■ YOUR OBJECTIVE
With the pictures removed, write out the data below exactly.

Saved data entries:
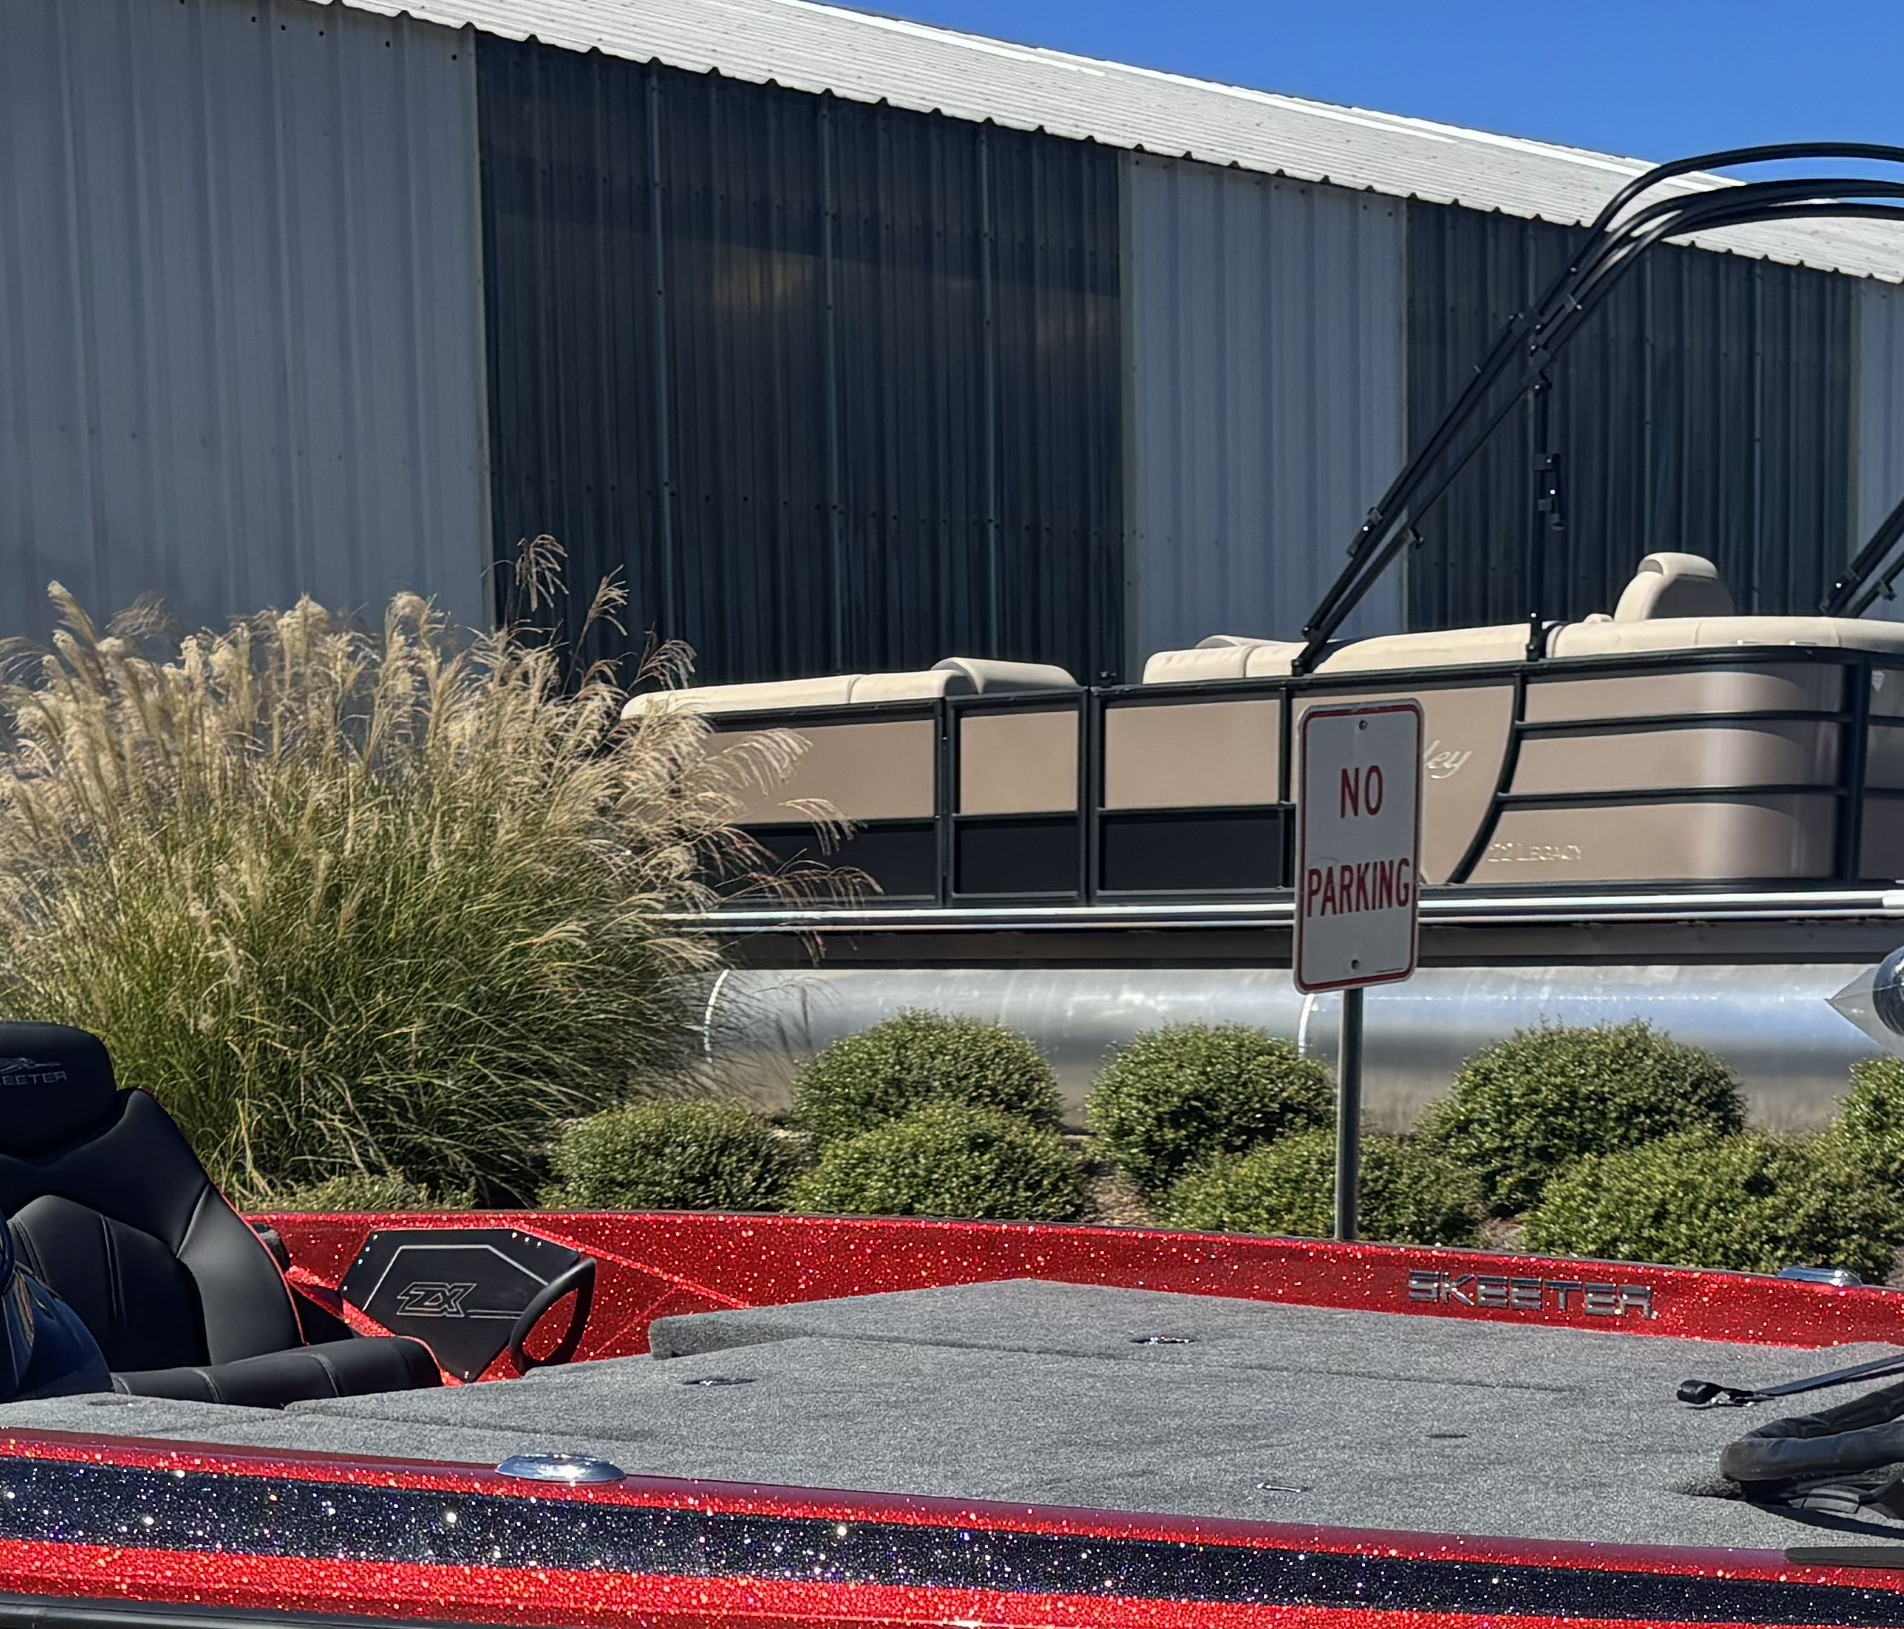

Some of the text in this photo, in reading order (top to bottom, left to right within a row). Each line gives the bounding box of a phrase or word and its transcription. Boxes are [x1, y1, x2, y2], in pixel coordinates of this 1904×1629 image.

[1340, 764, 1384, 818] NO
[1306, 857, 1411, 918] PARKING
[396, 1281, 478, 1318] ZX
[1408, 1269, 1658, 1320] SKEETER

■ RESULT OF THIS TASK
Some of the text in this photo, in reading order (top to bottom, left to right within a row). Each line gives the bounding box of a phrase or word and its transcription. Boxes are [x1, y1, x2, y2], in pixel coordinates of this 1904×1629 image.

[1340, 764, 1384, 818] NO
[1306, 857, 1411, 918] PARKING
[396, 1281, 478, 1318] ZX
[1408, 1269, 1658, 1320] SKEETER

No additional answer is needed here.